こちらの『ル・マグレブ』は、高級住宅街の二子玉川にあるお店だそうで、ちなみに、マグレブとは、北西アフリカの5国、モロッコ、アルジェリア、チュニジア、モリタニア、リビアの総称で、アラブ語で「日の沈む所」という意味とのこと。
Food showでは2種類のクスクスメニューが用意されていて、野菜の煮込みを乗せた温かいものとサラダ仕立ての冷たいもの、どちらもローストチキンつきで950円。今日は温かい方を選んでみました。オリジナルの配合だというミックススパイスはマイルドで上品な味わいが食べやすかったです。
日本でクスクスと呼んでいる粒状のアレは、実はアレを使った料理の総称で、アレの本当の名前はスムールといって、世界で一番小さいパスタです。日本ではフレンチのお店でよく見られ、最近ではカフェメニューなんかにもよく登場します。パリ風とモロッコ風の違いといえば、わかりやすいところではスープの量。パリ風はクスクスが溺れるほどたっぷりとスープをかけますが、わりと控えめなのがモロッコ式。店によってはちょっとボソボソして、「もっと・・もっと汁気を!」と思ってしまったりしますが、こちらではヒタヒタ程度にかけてありましたので、ご安心を。

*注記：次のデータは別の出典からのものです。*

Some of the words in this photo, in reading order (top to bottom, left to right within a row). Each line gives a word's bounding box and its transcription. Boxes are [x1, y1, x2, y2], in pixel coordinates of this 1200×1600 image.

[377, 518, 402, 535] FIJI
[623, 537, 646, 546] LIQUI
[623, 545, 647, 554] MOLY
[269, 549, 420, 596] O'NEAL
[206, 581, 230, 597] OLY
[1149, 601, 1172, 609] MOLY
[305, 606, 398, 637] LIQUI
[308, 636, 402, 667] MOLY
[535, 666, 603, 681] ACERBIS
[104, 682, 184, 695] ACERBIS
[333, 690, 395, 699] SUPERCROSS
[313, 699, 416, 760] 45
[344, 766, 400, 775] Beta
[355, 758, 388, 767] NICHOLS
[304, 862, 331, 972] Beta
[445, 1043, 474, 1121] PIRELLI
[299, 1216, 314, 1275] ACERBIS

ところで、今日のFood showは私的に熱かったなぁ。期間限定のスイーツブース、ジス・ウィーク1では、右を見れば、パリのサダハルアオキで修業した宇治田シェフのお店「パティスリー雪乃下」、左を見れば、こだわりの高級ブーランジェリー「シニフィアン・シニフィエ」、そして、こちらではモロッコ料理!!なんだどうした、盆と正月が一緒に来たのか!?ちなみに、『ル・マグレブ』の出店は明日までですので、気になる方は行かれてみて下さいませ~。